Phrase grounding data:
########################################
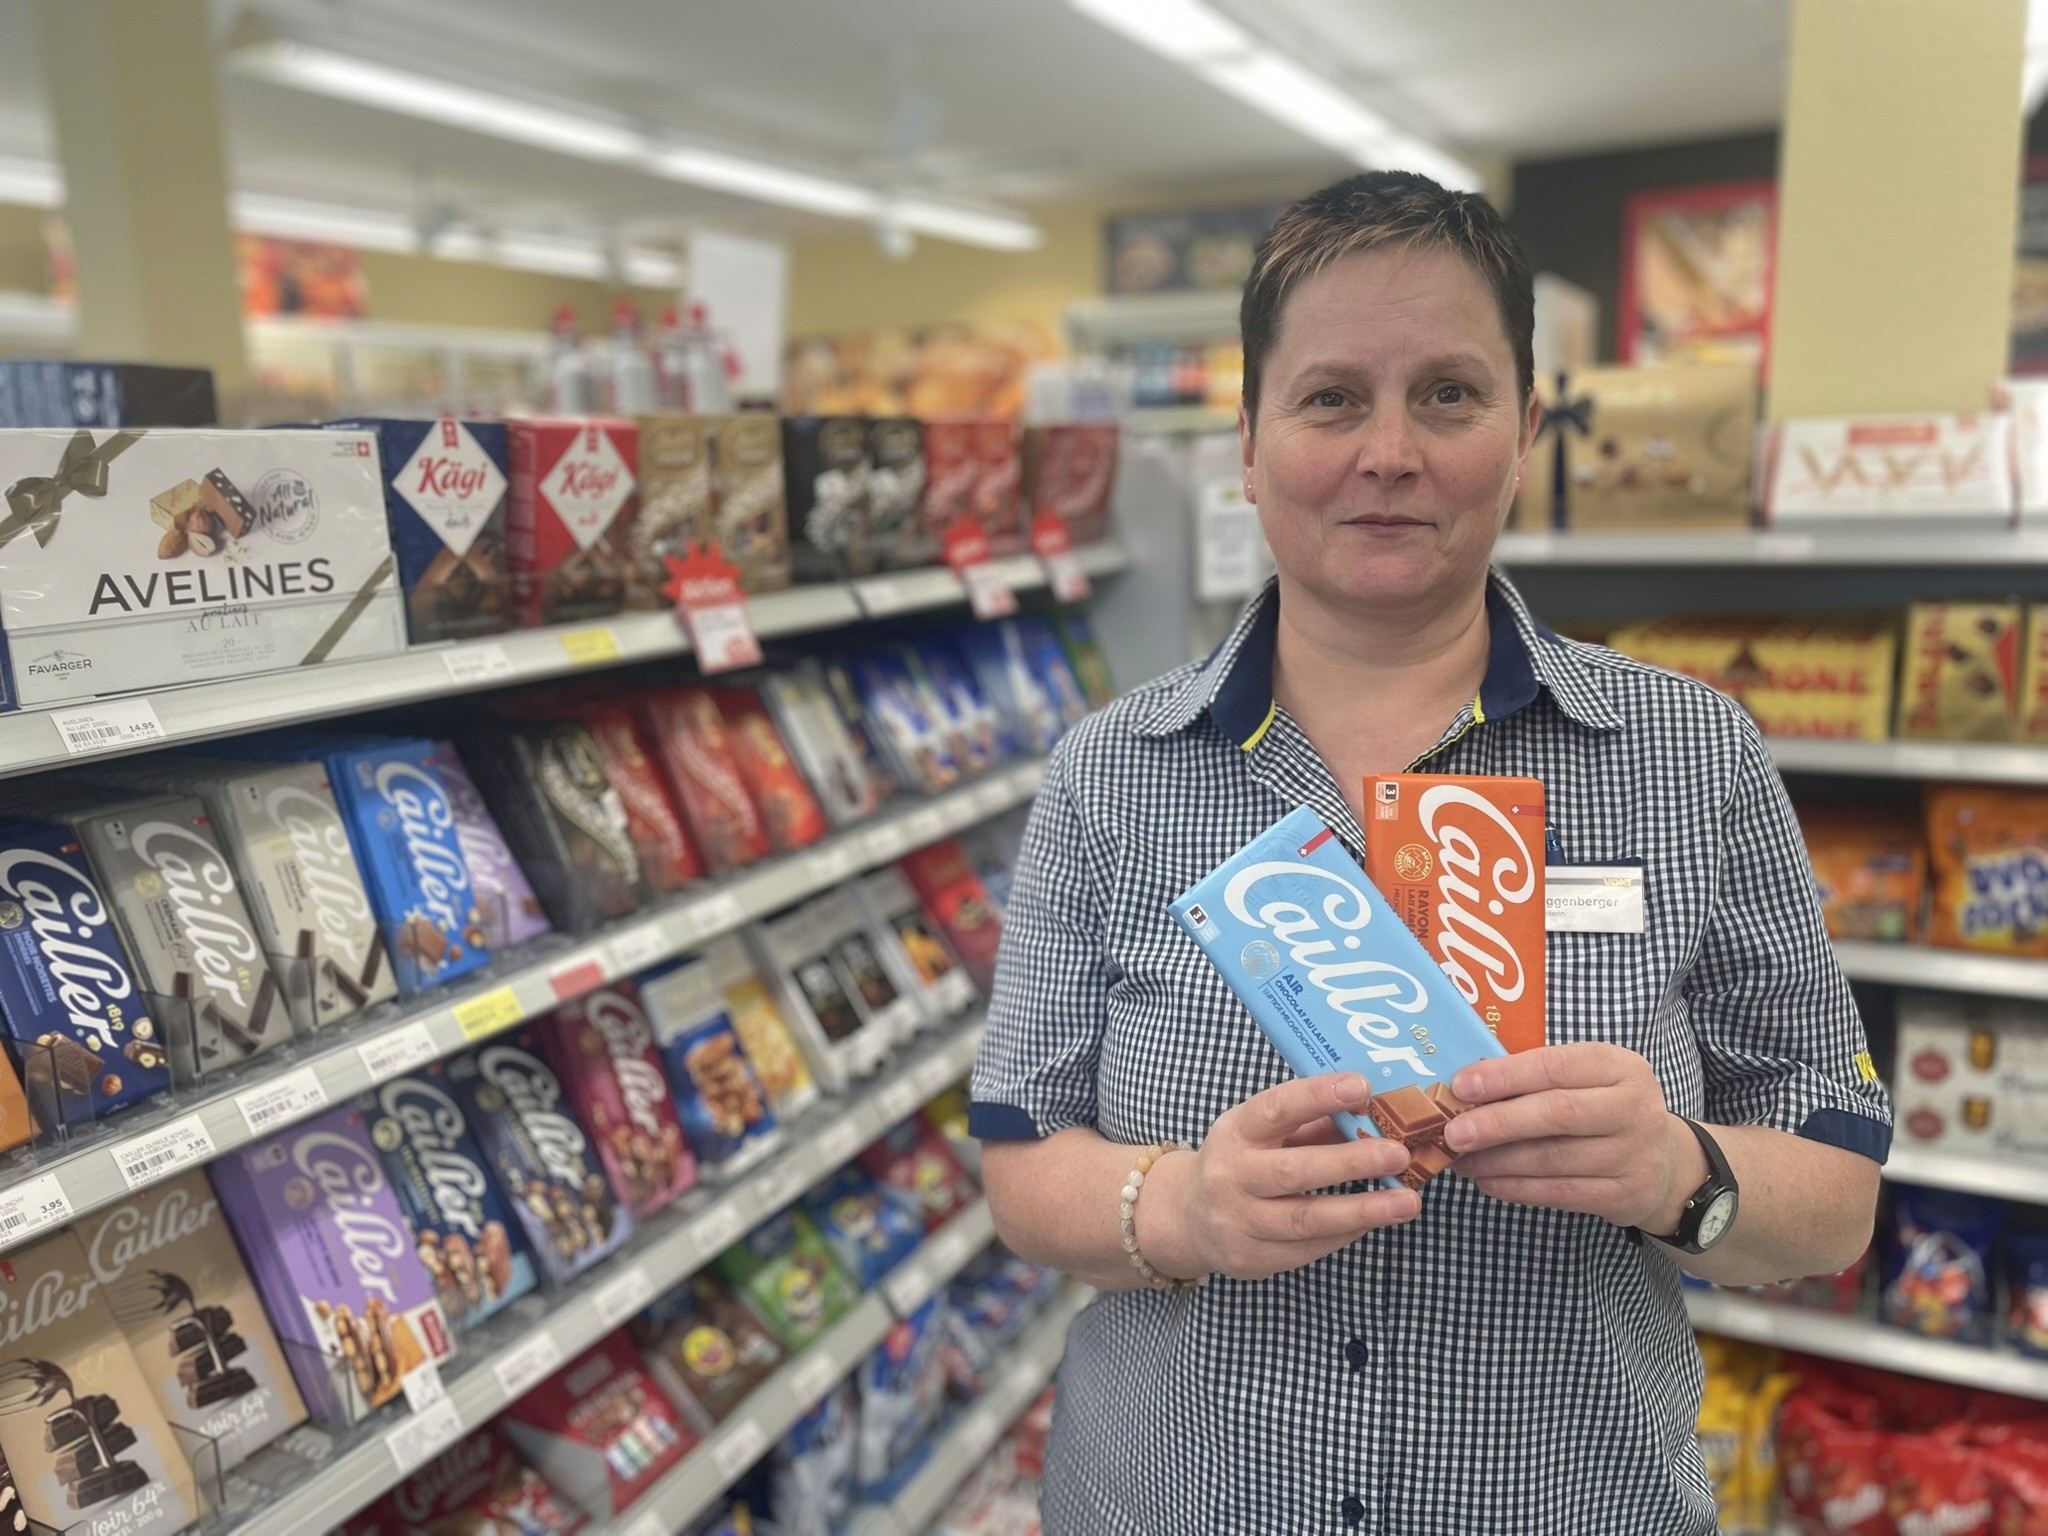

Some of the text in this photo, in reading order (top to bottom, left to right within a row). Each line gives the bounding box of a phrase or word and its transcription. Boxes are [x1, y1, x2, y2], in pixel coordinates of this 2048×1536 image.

[272, 482, 292, 501] All
[417, 456, 488, 499] Kägi
[259, 487, 315, 528] Natural
[88, 557, 335, 616] AVELINES
[187, 612, 262, 633] AU LAIT
[28, 658, 93, 676] FAVARGER
[62, 716, 94, 726] AVELINES
[128, 721, 155, 733] 14.95
[376, 761, 468, 931] Cailler
[1421, 861, 1432, 877] LAIT
[265, 786, 370, 964] Cailler
[1408, 888, 1416, 907] LAIT
[1417, 784, 1536, 1006] Caille
[131, 821, 257, 1008] Cailler
[1192, 910, 1202, 920] 3
[1417, 889, 1430, 939] RAYON
[0, 848, 132, 1048] Cailler
[22, 931, 38, 955] NOIR
[32, 955, 57, 1003] NOISETTES
[1223, 861, 1436, 1078] Cailler
[1282, 973, 1304, 997] AIR
[106, 1003, 125, 1032] 1819
[1262, 988, 1284, 1013] LUFTIGE
[1280, 1010, 1327, 1069] MILCHSCHOKOLADE
[1275, 980, 1342, 1063] CHOCOLAT AU LAIT AÉRÉ
[1409, 1023, 1437, 1055] 1819
[478, 1045, 587, 1191] Cailler
[185, 1137, 207, 1151] 3.95
[380, 1077, 488, 1241] Cailler
[39, 1198, 63, 1214] 3.95
[292, 1131, 404, 1305] Cailler
[88, 1188, 219, 1284] Cailler
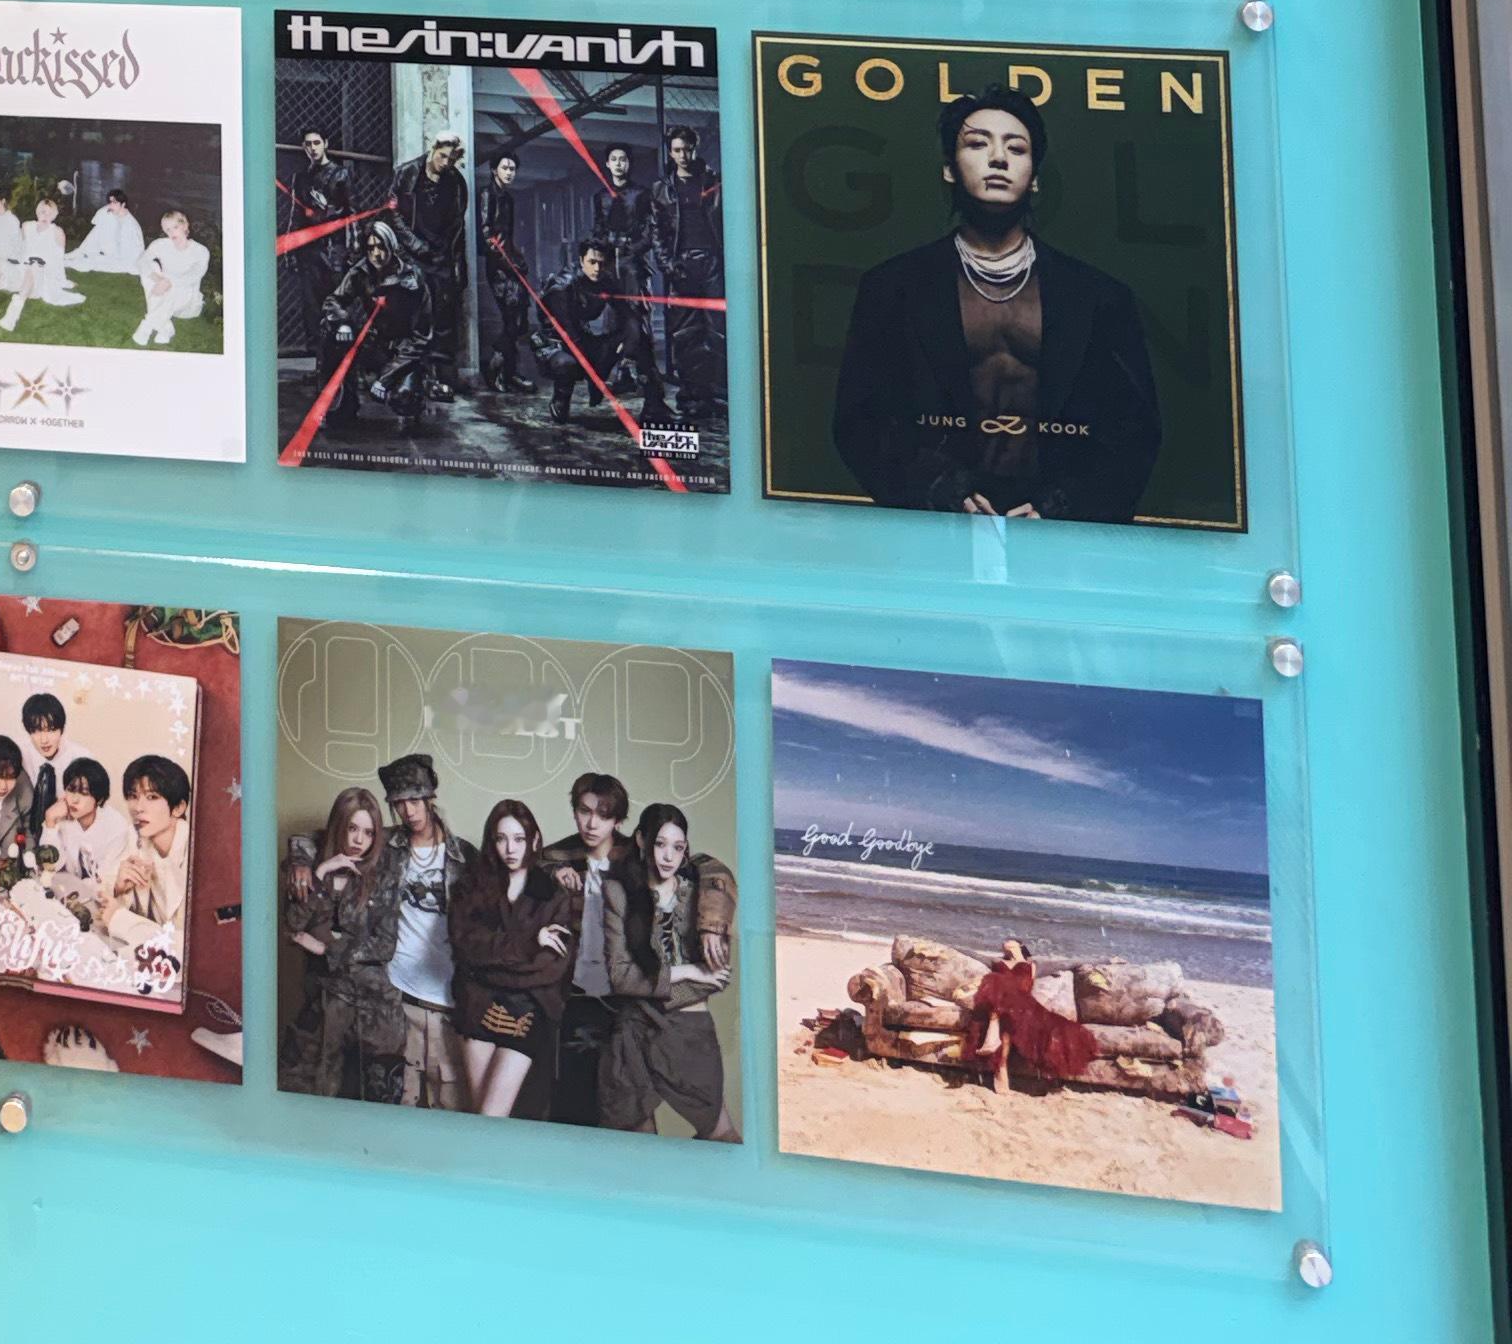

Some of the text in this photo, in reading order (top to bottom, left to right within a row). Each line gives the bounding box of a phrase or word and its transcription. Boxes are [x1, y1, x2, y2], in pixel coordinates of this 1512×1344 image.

[777, 53, 1204, 114] GOLDEN
[916, 413, 1090, 436] JUNG KOOK
[801, 822, 935, 870] Good Goodbye
########################################
Required action:
Repeat only the stretch of lines that opens with the line containing "this 1512×1344 image." and closes with the final line of the entries, both included, exactly as written.

Task response:
Some of the text in this photo, in reading order (top to bottom, left to right within a row). Each line gives the bounding box of a phrase or word and its transcription. Boxes are [x1, y1, x2, y2], in pixel coordinates of this 1512×1344 image.

[777, 53, 1204, 114] GOLDEN
[916, 413, 1090, 436] JUNG KOOK
[801, 822, 935, 870] Good Goodbye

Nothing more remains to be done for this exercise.